Top of PROVIDED DATA

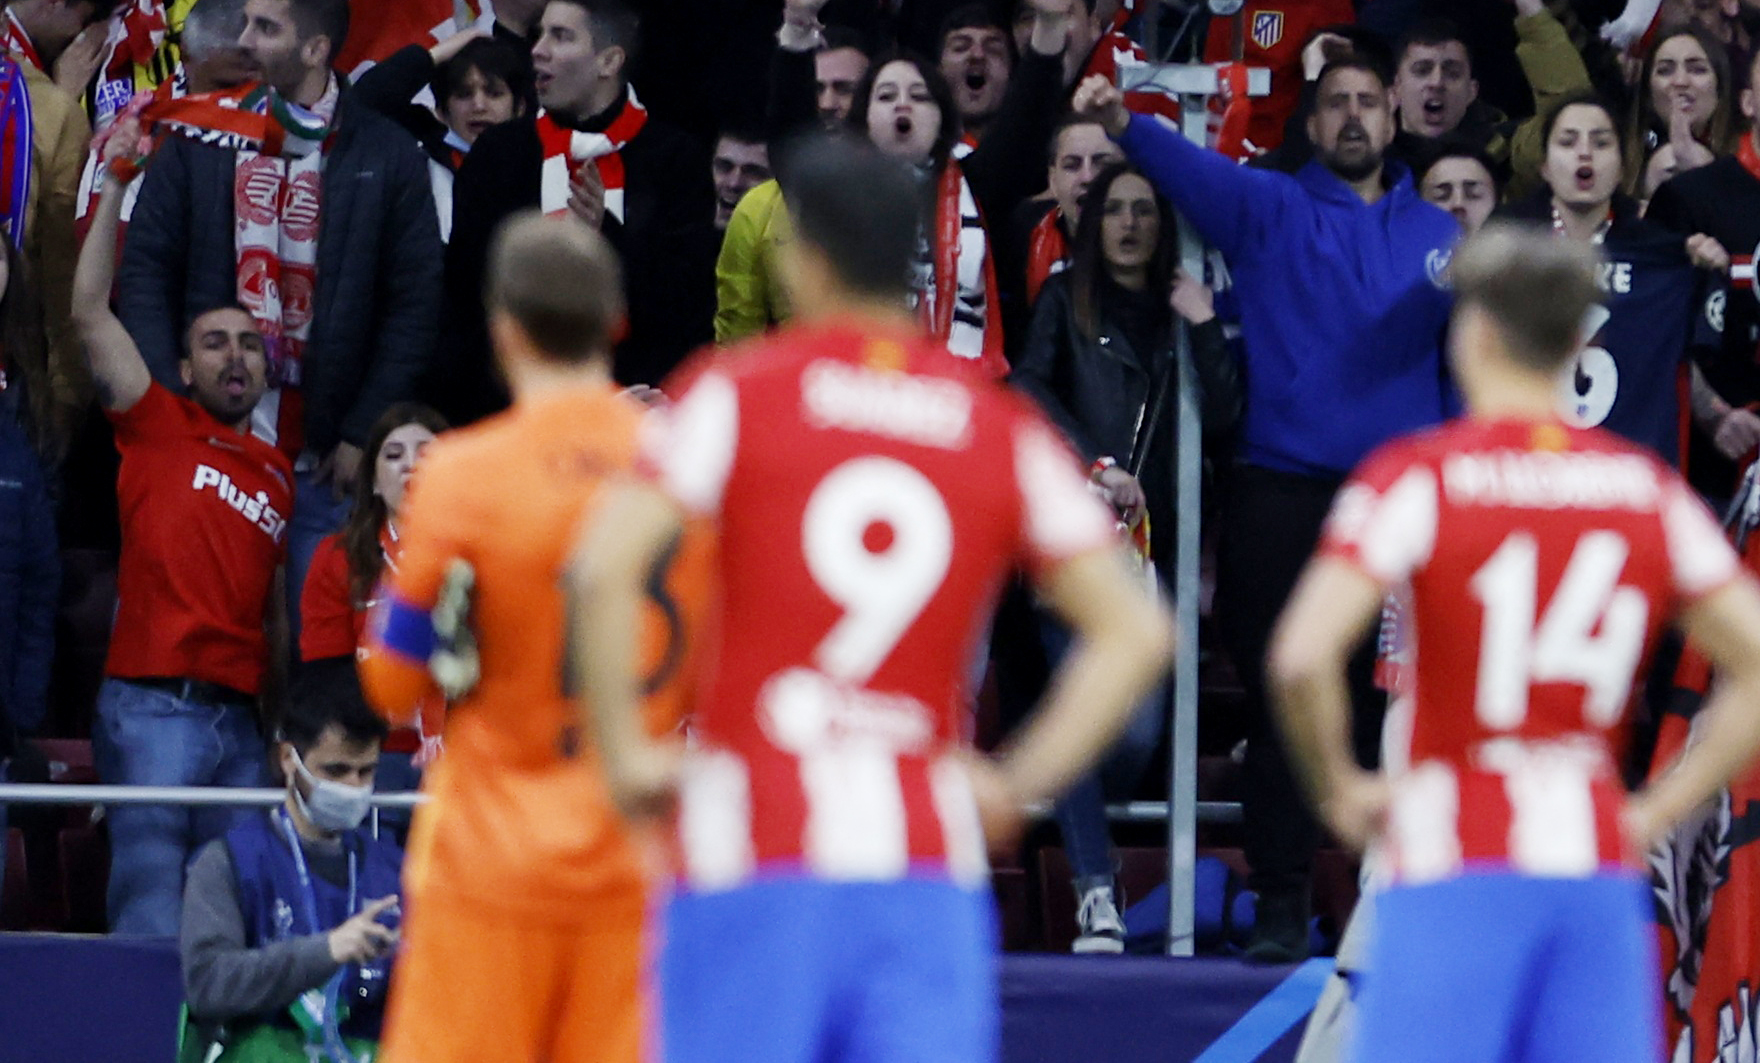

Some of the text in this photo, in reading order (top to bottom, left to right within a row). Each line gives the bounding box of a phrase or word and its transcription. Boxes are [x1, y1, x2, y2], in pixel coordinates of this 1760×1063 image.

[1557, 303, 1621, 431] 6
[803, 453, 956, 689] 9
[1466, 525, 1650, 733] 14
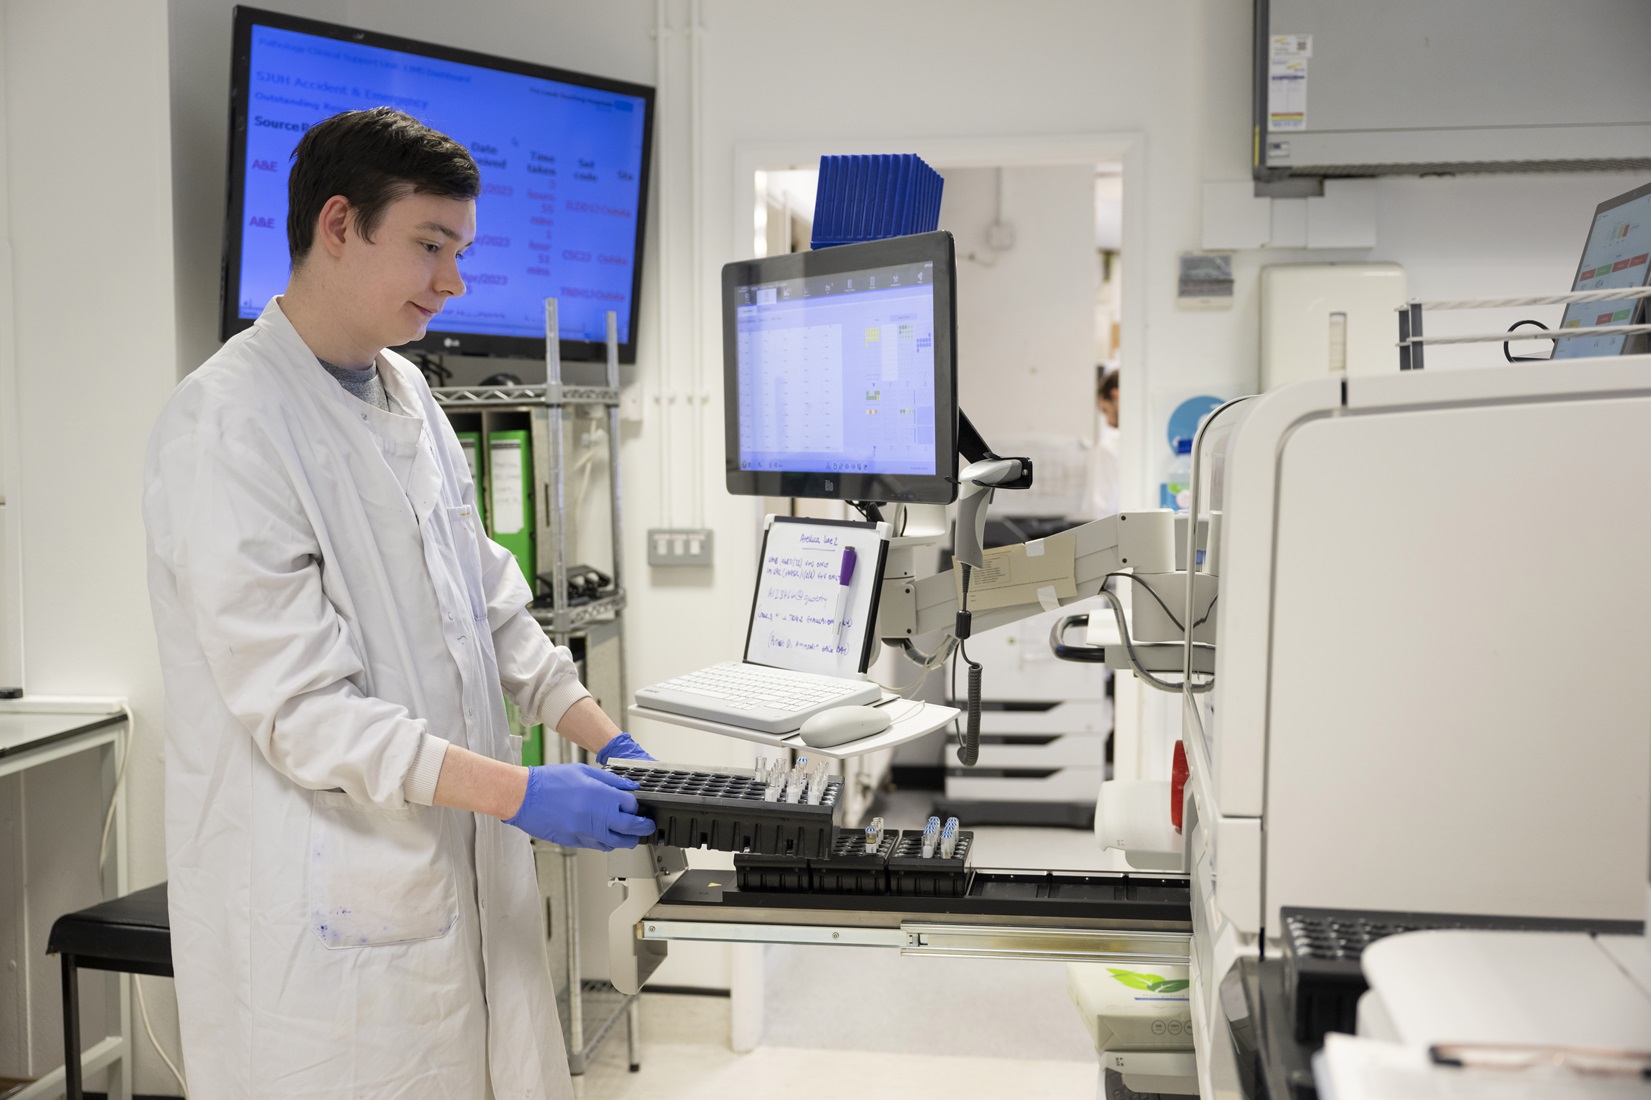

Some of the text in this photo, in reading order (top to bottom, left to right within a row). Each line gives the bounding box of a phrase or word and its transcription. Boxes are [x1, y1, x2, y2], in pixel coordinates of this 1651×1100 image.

Bottom of PROVIDED DATA

- _INSTRUCTIONS FOR THE TASK_: A faithful copy of all the entries is required, pictures excluded.

- _WRITTEN REPLY_:
Some of the text in this photo, in reading order (top to bottom, left to right within a row). Each line gives the bounding box of a phrase or word and its transcription. Boxes are [x1, y1, x2, y2], in pixel coordinates of this 1760×1063 image.

[1557, 303, 1621, 431] 6
[803, 453, 956, 689] 9
[1466, 525, 1650, 733] 14

Some of the text in this photo, in reading order (top to bottom, left to right within a row). Each line gives the bounding box of a phrase or word and its transcription. Boxes are [x1, y1, x2, y2], in pixel coordinates of this 1651×1100 image.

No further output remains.